-----------------------
#### detect tie break
------------------------

- using iris data

In [1]:
import numpy as np
from sklearn.datasets import load_iris
from sklearn.neighbors import KNeighborsClassifier
from scipy import stats

In [7]:
# Load the Iris dataset
iris = load_iris()
X, y = iris.data, iris.target

In [8]:
# Number of samples in the dataset
num_samples = len(X)

In [9]:
# Initialize a KNN classifier with k=3
knn_classifier = KNeighborsClassifier(n_neighbors=5)

In [10]:
# Initialize a list to store tie-break situations
tie_break_situations = []

In [11]:
# Perform Leave-One-Out Cross-Validation (LOOCV)
for i in range(num_samples):
    # Prepare training data by excluding the i-th sample
    X_train = np.delete(X, i, axis=0)
    y_train = np.delete(y, i)

    # Test sample
    X_test = X[i].reshape(1, -1)
    y_test = y[i]

    # Fit the KNN classifier on the training data
    knn_classifier.fit(X_train, y_train)

    # Get the indices and distances of the k-nearest neighbors
    _, neigh_ind = knn_classifier.kneighbors(X_test)

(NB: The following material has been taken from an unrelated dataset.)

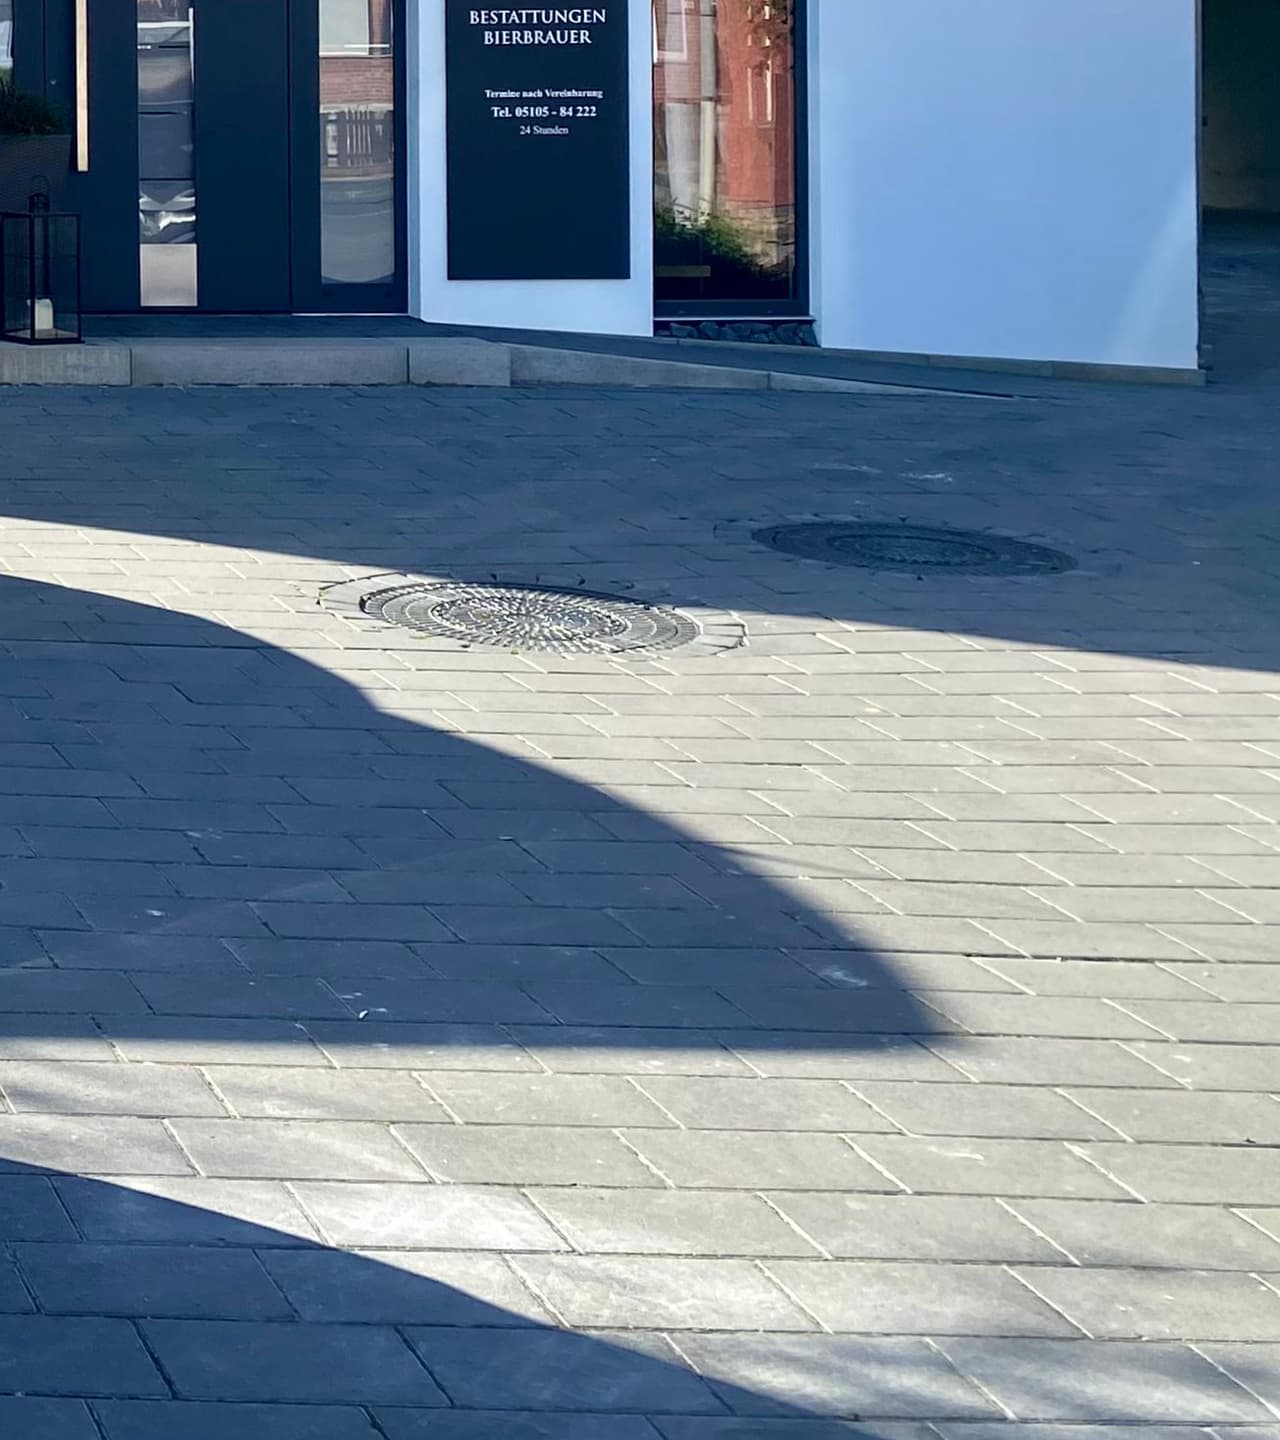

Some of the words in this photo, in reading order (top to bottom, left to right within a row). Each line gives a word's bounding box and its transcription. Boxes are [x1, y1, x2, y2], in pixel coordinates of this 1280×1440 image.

    # Extract the class labels of the neighbors
    _y = np.array([y_train[i] for i in neigh_ind[0]])

    # Calculate mode and check for tie-break
    mode, _ = stats.mode(_y, keepdims=True)

    # Check if there is a tie-break
    if np.count_nonzero(mode == mode[0]) > 1:
        tie_break_situations.append(i)

In [12]:
# Print tie-break situations
if len(tie_break_situations) > 0:
    print("Tie-break situations found for test samples:", tie_break_situations)
else:
    print("No tie-break situations found.")

No tie-break situations found.


#### try k = range(30)

In [13]:
# Create a list to store tie-break situations for each k
tie_break_situations_by_k = {}

In [14]:
# Loop over different values of k
for k in range(1, 31):
    # Initialize a list to store tie-break situations
    tie_break_situations = []

    # Create a KNN classifier with the current value of k
    knn_classifier = KNeighborsClassifier(n_neighbors=k)

    # Perform Leave-One-Out Cross-Validation (LOOCV)
    for i in range(num_samples):
        # Prepare training data by excluding the i-th sample
        X_train = np.delete(X, i, axis=0)
        y_train = np.delete(y, i)

        # Test sample
        X_test = X[i].reshape(1, -1)
        y_test = y[i]

        # Fit the KNN classifier on the training data
        knn_classifier.fit(X_train, y_train)

        # Get the indices and distances of the k-nearest neighbors
        _, neigh_ind = knn_classifier.kneighbors(X_test)

        # Extract the class labels of the neighbors
        _y = np.array([y_train[i] for i in neigh_ind[0]])

        # Calculate mode and check for tie-break
        mode, _ = stats.mode(_y, keepdims=True)

        # Check if there is a tie-break
        if np.count_nonzero(mode == mode[0]) > 1:
            tie_break_situations.append(i)

    # Store tie-break situations for the current k
    tie_break_situations_by_k[k] = tie_break_situations

In [15]:
# Print tie-break situations for each k
for k, tie_break_situations in tie_break_situations_by_k.items():
    if len(tie_break_situations) > 0:
        print(f"Tie-break situations found for k={k}: {tie_break_situations}")
    else:
        print(f"No tie-break situations found for k={k}")

No tie-break situations found for k=1
No tie-break situations found for k=2
No tie-break situations found for k=3
No tie-break situations found for k=4
No tie-break situations found for k=5
No tie-break situations found for k=6
No tie-break situations found for k=7
No tie-break situations found for k=8
No tie-break situations found for k=9
No tie-break situations found for k=10
No tie-break situations found for k=11
No tie-break situations found for k=12
No tie-break situations found for k=13
No tie-break situations found for k=14
No tie-break situations found for k=15
No tie-break situations found for k=16
No tie-break situations found for k=17
No tie-break situations found for k=18
No tie-break situations found for k=19
No tie-break situations found for k=20
No tie-break situations found for k=21
No tie-break situations found for k=22
No tie-break situations found for k=23
No tie-break situations found for k=24
No tie-break situations found for k=25
No tie-break situations found for